La fin du trajet est plus jolie, elle traverse des zones marécageuses avec beaucoup d'oiseaux, et on voit les montagnes. Le camping n'est pas si mal, dans la verdure.

Je pars visiter la ville à mes risques et périls car le ciel est d'un noir d'encre. Straubing est une très belle ville style Europe Centrale avec grande place tout en longueur, colonnes, fontaines, maisons à frontons et fenêtres ornées parfois avec fresques, portes, tours, grande église en brique et quelques églises baroques.

Finalement je mange dans une brasserie, bière locale (bonne), saucisses et choucroute. Retour dans le noir et sous la pluie.

Vendredi 5 mai 2017 Straubing – Irring bei Passau 80km

l'église Sankt Mauritius de Niederalteich et les monts de la forêt bavaroise

Pluie le matin, nuages dans la journée, beau le soir

 

Il faudra plier bagage sous la pluie battante. Petit déjeuner à l'abri dans la salle vaisselle du bloc sanitaire. Deux messieurs un peu âgés viennent m'y rejoindre. Ce ne sont pas des cyclistes, ils font le même chemin, cette année jusqu'à Budapest seulement, mais en marchant, 40km par jour. L'un d'eux traîne un chariot accroché à sa taille. Ils ont campé sous la neige à Donaueschingen.

Le chemin manque un peu d'intérêt, il suit la digue du Danube, mais de l'autre coté, en bas, et on ne voit pas le fleuve ! Plaine agricole plate, horizon bien bouché. C'est mieux sur la digue avant Deggendorf, même si il y a tellement de flaques qu'on pédale dans l'eau la moitié du temps. Le Danube est large est rapide, il y a encore bien de la marge pour qu'il passe par dessus les digues.
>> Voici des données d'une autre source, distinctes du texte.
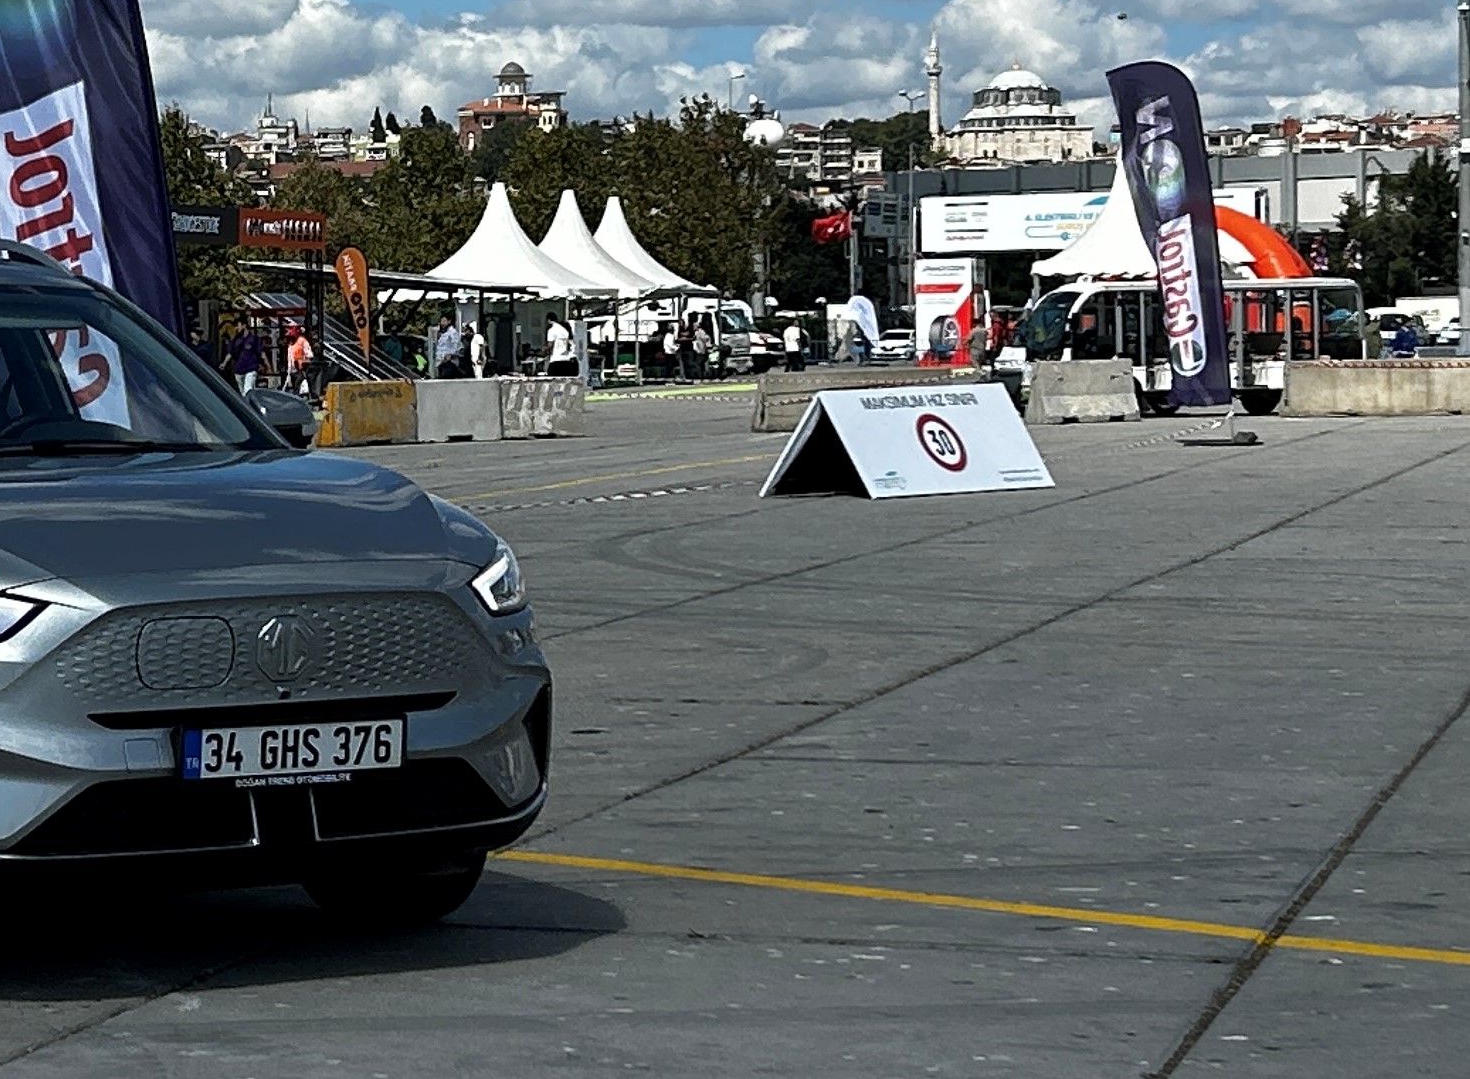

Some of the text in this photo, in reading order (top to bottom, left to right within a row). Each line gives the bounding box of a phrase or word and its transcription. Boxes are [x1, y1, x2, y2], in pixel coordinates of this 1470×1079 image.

[926, 430, 956, 456] 30
[204, 724, 392, 771] 34 GHS 376
[185, 756, 200, 770] TR
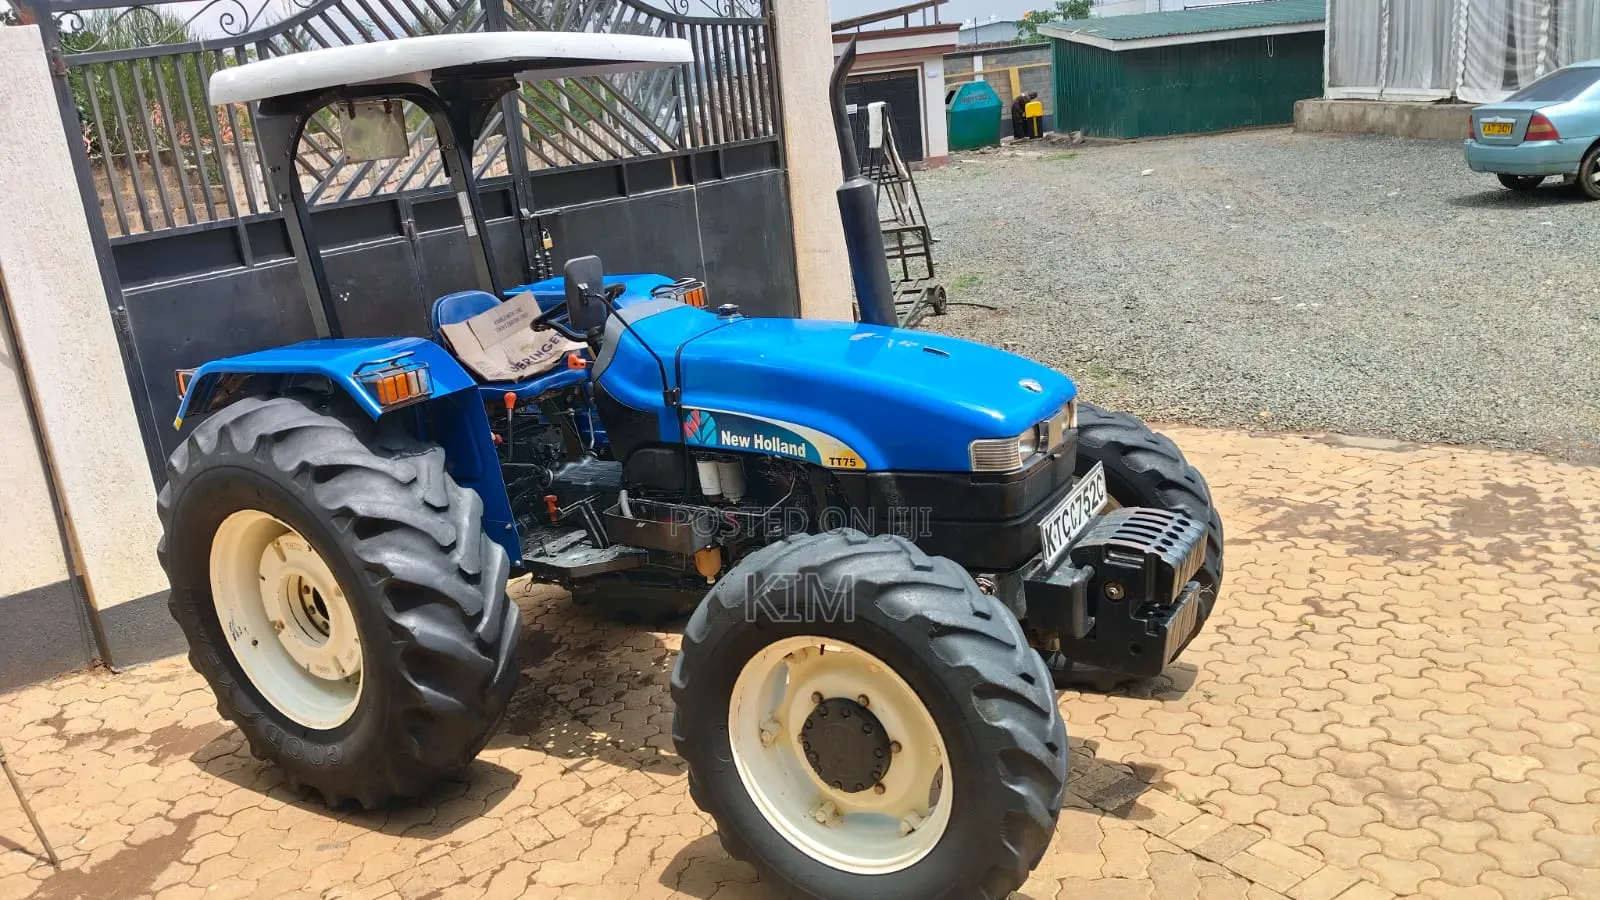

Deggendorf est une ville industrielle pas agréable à traverser, et même après, on suit l'autoroute ! Je mangerai un peu plus loin, à Niederaltreich, près d'une immense église avec deux tours carrées, un peu sinistre à l'extérieur mais très luxuriante à l'intérieur. Angelots et chérubins, évêques balançant leur crosse, saints et saintes se trémoussant... Je prends en photo ces personnages si expressifs, et soudain vois en dessous des espèces de châsses, et là dedans, horreur, des cadavres, des vrais. À l'état de squelettes, à moitié assis, avec des restes d'habits couronnes et des tas de bijoux, c'est horrible.

Dans ce village il y a un embarcadère et il doit y avoir un bateau qui fait traverser mais il est amarré, et le courant est très fort. De toute façon pour aller à Vilhofen on peut passer d'un côté ou de l'autre.

On continue sous les digues, bientôt dans une campagne plus verte, prés, saules et peupliers et rideaux d'arbres. Puis on traverse des villages sont Künzing où il y a les restes d'une ville romaine et un musée, cet après-midi fermé.

On passe devant une grosse centrale électrique, thermique je suppose, avec deux hautes cheminées blanches. À Vilhofen nouvelle traversée du fleuve. La dernière partie du trajet, c'est une petite route uniquement cyclable qui surplombe le Danube. Le vent et le soleil dans le dos en plus, le fleuve, splendide. Je n'irai quand même pas jusque Passau, il y a un camping champêtre à Irring bei Passau... d'où malheureusement on entends l'autoroute qui est à bien 2km.